**Required action**: The response should consist of the data below, copied exactly, with no pictures in it.

**Material to process**:
################
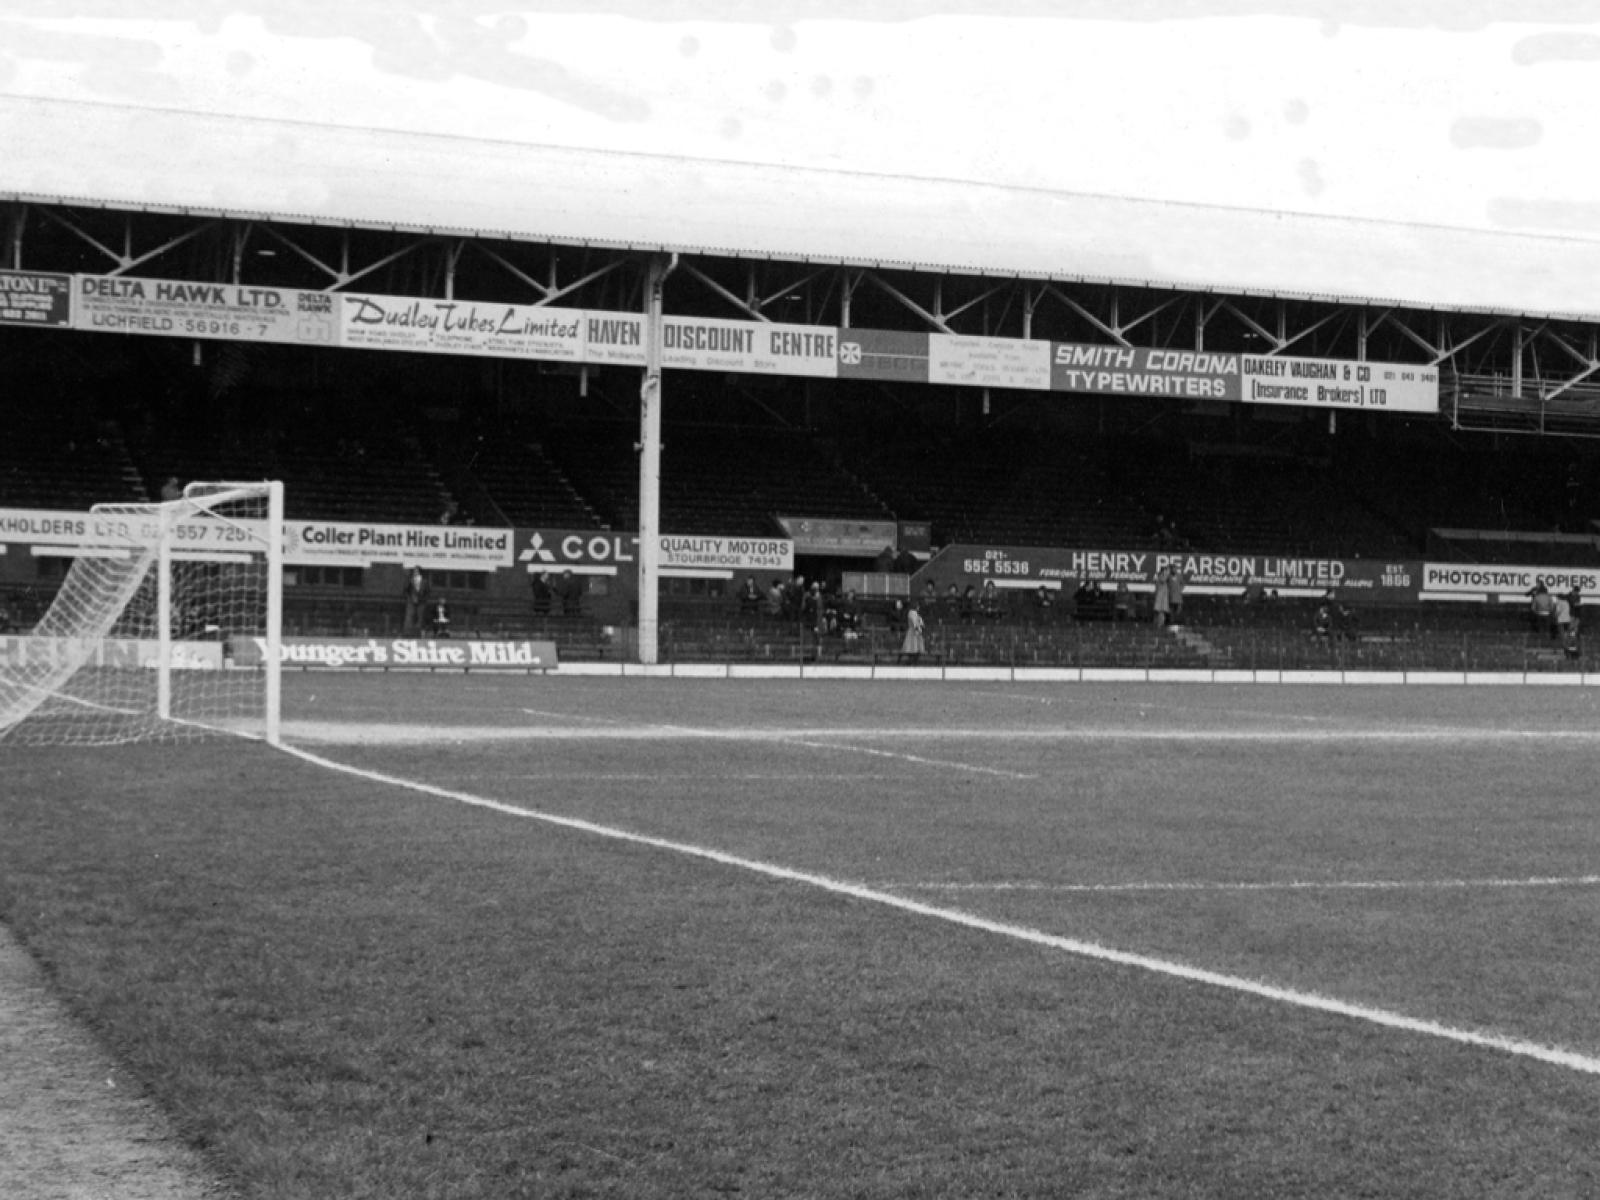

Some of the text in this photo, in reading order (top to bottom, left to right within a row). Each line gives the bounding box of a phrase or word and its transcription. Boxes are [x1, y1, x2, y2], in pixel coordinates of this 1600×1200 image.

[81, 277, 145, 299] DELTA
[156, 283, 225, 305] HAWK
[237, 289, 286, 308] LTD.
[298, 293, 332, 304] DELTA
[297, 303, 332, 313] HAWK
[345, 297, 579, 338] Dudley Tubes Limited
[92, 313, 173, 331] LICHFIELD
[588, 318, 834, 359] HAVEN DISCOUNT CENTRE
[1055, 344, 1136, 368] SMITH
[1146, 351, 1238, 375] CORONA
[1244, 358, 1371, 382] OAKELEY VAUGHAN & CO
[1066, 370, 1226, 397] TYPEWRITERS
[1370, 389, 1387, 405] LTD
[302, 526, 507, 550] Coller Plant Hire Limited
[660, 538, 722, 554] QUALITY
[728, 540, 789, 556] MOTORS
[668, 552, 741, 564] STOURBRIDGE
[1072, 552, 1345, 579] HENRY PEARSON LIMITED
[1428, 569, 1531, 587] PHOTOSTATIC
[392, 640, 465, 664] Shire
[469, 641, 541, 665] Mild.
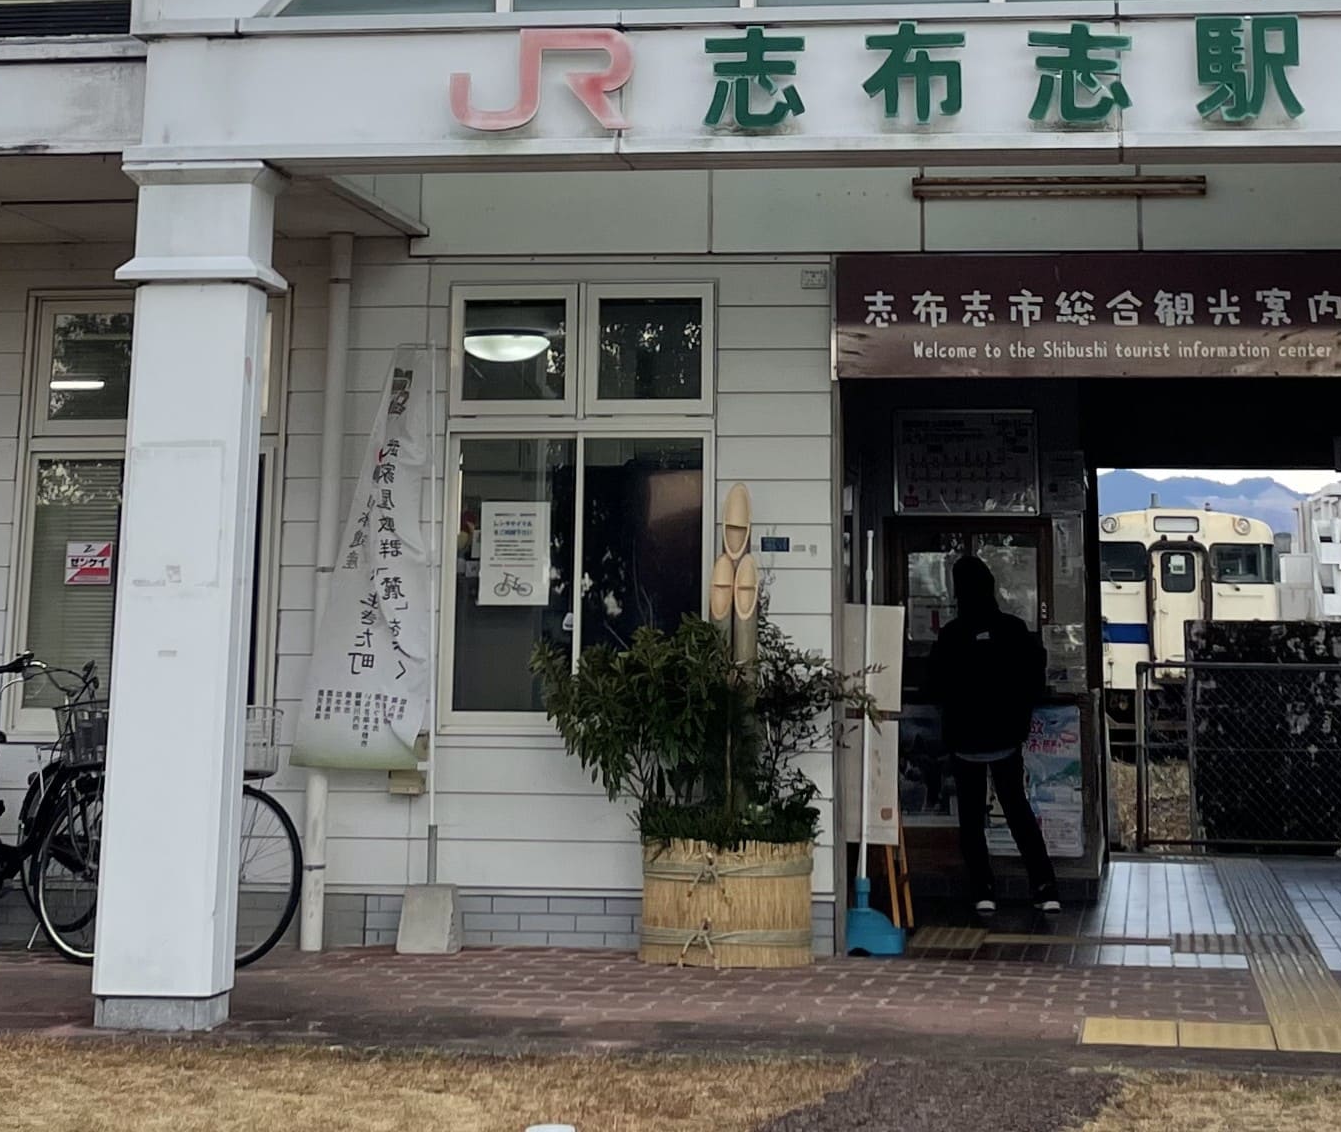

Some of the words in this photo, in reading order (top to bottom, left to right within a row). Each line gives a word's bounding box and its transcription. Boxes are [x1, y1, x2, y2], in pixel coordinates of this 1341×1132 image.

[449, 27, 633, 132] JR
[702, 13, 1306, 128] 志布志駅
[913, 341, 977, 360] Welcome
[984, 343, 1002, 359] to
[1008, 341, 1035, 359] the
[1042, 340, 1108, 360] Shibushi
[1115, 341, 1171, 359] tourist
[1177, 340, 1270, 359] information
[1278, 341, 1333, 359] center
[70, 557, 108, 568] ゼンケイ
################
**Result**:
Some of the text in this photo, in reading order (top to bottom, left to right within a row). Each line gives the bounding box of a phrase or word and its transcription. Boxes are [x1, y1, x2, y2], in pixel coordinates of this 1600×1200 image.

[81, 277, 145, 299] DELTA
[156, 283, 225, 305] HAWK
[237, 289, 286, 308] LTD.
[298, 293, 332, 304] DELTA
[297, 303, 332, 313] HAWK
[345, 297, 579, 338] Dudley Tubes Limited
[92, 313, 173, 331] LICHFIELD
[588, 318, 834, 359] HAVEN DISCOUNT CENTRE
[1055, 344, 1136, 368] SMITH
[1146, 351, 1238, 375] CORONA
[1244, 358, 1371, 382] OAKELEY VAUGHAN & CO
[1066, 370, 1226, 397] TYPEWRITERS
[1370, 389, 1387, 405] LTD
[302, 526, 507, 550] Coller Plant Hire Limited
[660, 538, 722, 554] QUALITY
[728, 540, 789, 556] MOTORS
[668, 552, 741, 564] STOURBRIDGE
[1072, 552, 1345, 579] HENRY PEARSON LIMITED
[1428, 569, 1531, 587] PHOTOSTATIC
[392, 640, 465, 664] Shire
[469, 641, 541, 665] Mild.

Some of the words in this photo, in reading order (top to bottom, left to right within a row). Each line gives a word's bounding box and its transcription. Boxes are [x1, y1, x2, y2], in pixel coordinates of this 1341×1132 image.

[449, 27, 633, 132] JR
[702, 13, 1306, 128] 志布志駅
[913, 341, 977, 360] Welcome
[984, 343, 1002, 359] to
[1008, 341, 1035, 359] the
[1042, 340, 1108, 360] Shibushi
[1115, 341, 1171, 359] tourist
[1177, 340, 1270, 359] information
[1278, 341, 1333, 359] center
[70, 557, 108, 568] ゼンケイ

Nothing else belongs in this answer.